Son ya muchos muertos (y los que habrá) y muchos contagiados como para que no tengamos miedo. España es un país envejecido, precisamente gracias a su alta calidad de vida y a su sistema sanitario. Y es ese envejecimiento el que, en una situación de peligro vírico como la actual, nos hace más vulnerables y más temerosos. Nuestra contingencialidad es tan clamorosa que uno recuerda aquella terrible frase de Stalin «una muerte es una tragedia, muchas muertes son una estadística». La frase, que es objetivamente cierta, revela, sin embargo, una ausencia tal de sensibilidad acerca de la condición humana, que uno se arrepiente de haberla citado. Porque la vida es nuestra vida, la mía y la de los nuestros. Y, aunque la vida sigue existiendo y sobreexistiendo a cualquier epidemia vírica y a cualquier catástrofe planetaria, si yo no existo, lo demás no existe. Soy yo el que da sentido a mi vida. Y la vida sin mi vida no es vida, es naturaleza.

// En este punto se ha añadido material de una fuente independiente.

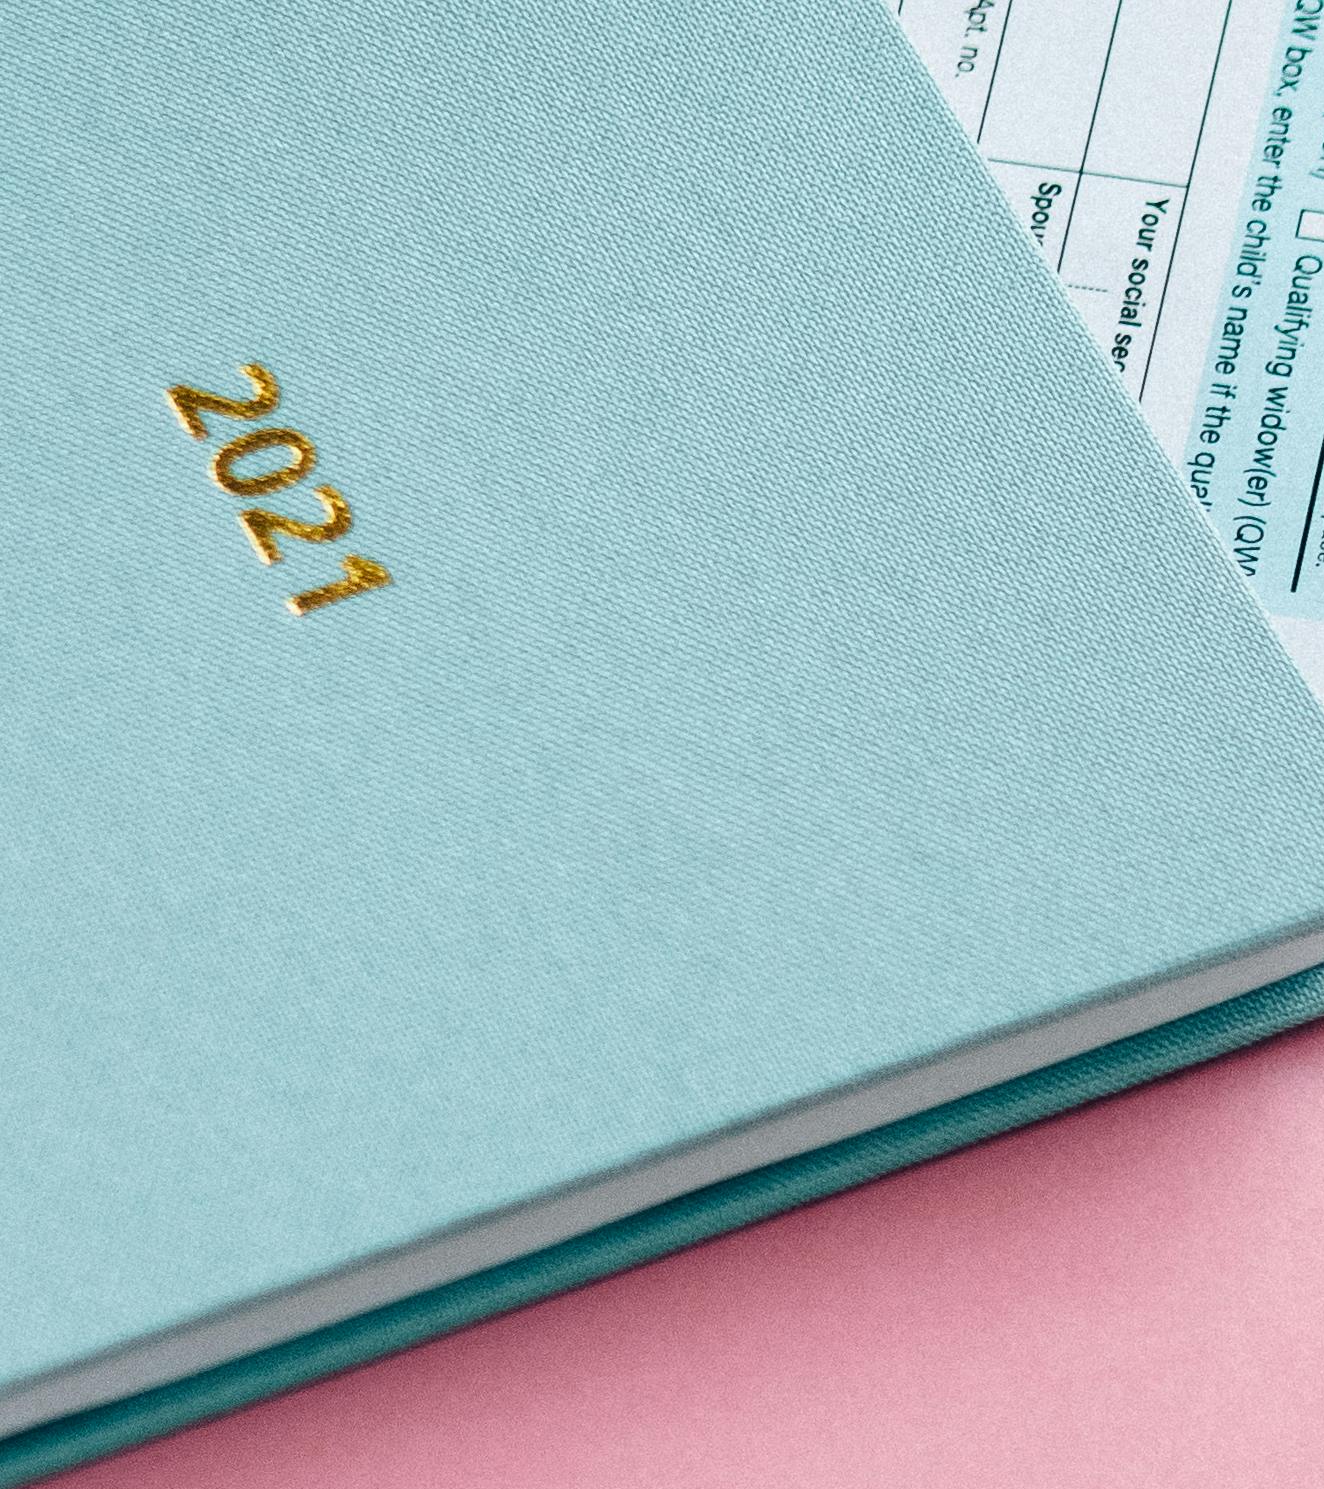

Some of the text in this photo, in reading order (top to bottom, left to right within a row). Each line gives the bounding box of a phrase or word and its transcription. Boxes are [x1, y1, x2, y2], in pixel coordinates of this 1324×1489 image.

Los políticos (gobernantes y oposición) y los científicos están en un momento clarísimo para unirse en el análisis de la situación y en la toma de decisiones, sin obscenos cálculos políticos. La situación en que estamos es inédita y, por lo tanto, las mejores cabezas y los mejores estrategas tendrían que estar trabajando codo con codo en la salvación del país. La nación requiere un empuje unitario para derrotar el virus y afrontar la monumental crisis económica posterior. Todos hemos cometido errores, como no podía ser de otra manera ante lo inédito de la situación. Nadie tiene una varita mágica y todos tenemos que coadyuvar a la solución. El Gobierno está en una emergencia inédita para la que aún no existe protocolo y en la que las decisiones tienen que ser rápidas, sin posible exigencia de consensos, aunque nunca sobra la comunicación. Habrá tiempo de analizar y pedir responsabilidades, pero luego, cuando la situación se normalice. Y también habrá tiempo de cambiar nuestros hábitos y conductas, y de priorizar nuestras inversiones de otra manera; incluso de modificar nuestro concepto de vida y de convivencia. Quizás lleguemos a la conclusión de que nos sobra hiperactividad y nos falta reflexión, de que nos sobra cantidad y nos falta calidad, de que nos sobran españas y nos falta una idea de España plural y diversa pero con un proyecto común. Porque a lo mejor nos damos cuenta de que los nacionalismos no son tanto una manera distinta de sentirse como una vulgar manera de ser más a costa de otros que serían menos. Pura ley de la selva. Y para selva ya tenemos el coronavirus, que no es otra cosa que un pequeño zarpazo de la selva en nuestra civilizada sociedad.